Friend Angela Fredericks, who had to fight for permission to go to Christmas Island facility where the family are the only residents, said the family's mental torment was heart-breaking to observe. 

'The weight of Priya in my arms, just sobbing ... there's just so much heart-break, and so much fear and distress,' she told AAP from the island on Thursday.

'The girls ran up to me and held onto my legs. Kopika, she was always such a cheeky, bright little girl. I see so much frustration in her now.

'Yesterday she was just playing with sticks. Her actions, you can see it, she was just hitting the ground with the stick. I feel like her innocence has gone.'

Federal Court Justice Mordy Bromberg on Wednesday ordered the federal government not to deport the asylum seekers to Sri Lanka until 4pm on Friday. 

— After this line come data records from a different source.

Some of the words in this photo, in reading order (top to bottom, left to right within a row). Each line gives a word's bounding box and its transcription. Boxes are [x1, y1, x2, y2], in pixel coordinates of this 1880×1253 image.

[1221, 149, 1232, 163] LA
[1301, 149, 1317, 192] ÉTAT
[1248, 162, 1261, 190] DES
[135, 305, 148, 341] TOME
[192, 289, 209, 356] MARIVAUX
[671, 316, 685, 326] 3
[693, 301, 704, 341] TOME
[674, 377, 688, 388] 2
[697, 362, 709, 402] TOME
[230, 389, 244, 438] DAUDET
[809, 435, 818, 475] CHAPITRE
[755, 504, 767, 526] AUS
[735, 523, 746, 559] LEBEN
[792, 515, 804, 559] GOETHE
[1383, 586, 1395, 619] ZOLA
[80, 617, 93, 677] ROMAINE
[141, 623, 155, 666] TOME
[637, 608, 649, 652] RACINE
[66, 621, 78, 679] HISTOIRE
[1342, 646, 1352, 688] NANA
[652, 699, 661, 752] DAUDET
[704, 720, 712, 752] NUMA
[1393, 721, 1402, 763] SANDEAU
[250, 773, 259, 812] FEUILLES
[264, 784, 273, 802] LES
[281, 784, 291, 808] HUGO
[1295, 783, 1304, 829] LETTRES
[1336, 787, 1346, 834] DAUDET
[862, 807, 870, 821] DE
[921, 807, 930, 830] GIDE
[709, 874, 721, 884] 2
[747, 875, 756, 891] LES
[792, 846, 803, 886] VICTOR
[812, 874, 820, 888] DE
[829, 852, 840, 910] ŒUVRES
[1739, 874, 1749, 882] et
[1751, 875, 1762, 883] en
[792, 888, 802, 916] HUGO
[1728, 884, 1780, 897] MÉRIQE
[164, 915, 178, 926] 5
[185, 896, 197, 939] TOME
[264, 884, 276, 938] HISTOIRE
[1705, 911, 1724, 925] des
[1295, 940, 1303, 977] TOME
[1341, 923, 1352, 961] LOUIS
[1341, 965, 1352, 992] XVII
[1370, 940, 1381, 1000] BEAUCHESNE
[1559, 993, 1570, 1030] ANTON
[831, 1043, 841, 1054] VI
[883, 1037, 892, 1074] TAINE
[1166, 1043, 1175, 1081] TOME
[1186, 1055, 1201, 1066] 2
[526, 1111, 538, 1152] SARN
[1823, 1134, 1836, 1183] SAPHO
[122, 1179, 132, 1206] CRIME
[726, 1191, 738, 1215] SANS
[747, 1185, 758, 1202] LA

That will allow the court to continue hearing the case of two-year-old Tharunicaa.

A succession of courts, including the High Court, have previously found the parents and the eldest child are not refugees and do not qualify for Australia's protection. 

The family's legal action is now focused on Tharunicaa's right to apply for a refugee visa, amid claims she will be subjected to 'serious harm' if she was sent to Sri Lanka.

Priya and the children's father Nadesalingam had settled in the Queensland community of Biloela, where they had their two children, after arriving separately by boat in 2012 and 2013.

Federal Minister for Immigration David Coleman has been called on to intervene in the case

Federal Minister for Immigration David Coleman has been called on to intervene in the case 

Despite being Australian-born, Tharunicaa has been deemed an 'unauthorised maritime arrival' under the Migration Act, which stipulates children of asylum seekers who arrive in the country by boat cannot apply for a visa.

The family had been in long-term immigration detention in Melbourne until last Thursday, when they were put on a plane for deportation to Sri Lanka.

A judge issued a last-minute injunction - saving them from deportation until 4pm on Wednesday - and the family was taken off the plane when it landed in Darwin, before being sent to Christmas Island hours later.

The Federal Court was told late Tuesday night that Immigration Minister David Coleman decided not to consider using his discretionary powers to allow the family to stay.

The coalition government is now seeking to have the family's claim against deportation dismissed as it is 'futile'.

Tharunicaa failed a protection assessment on Tuesday, the court also heard on Wednesday, but the family's lawyers argued it was the first they had learnt of it.

Lawyer Angel Aleksov, acting for the family in the court, argued the government didn't have the power to remove people in cases involving 'live process' directed to a possible visa.

She called on Mr Coleman to 'lift the bar' and use his discretionary powers.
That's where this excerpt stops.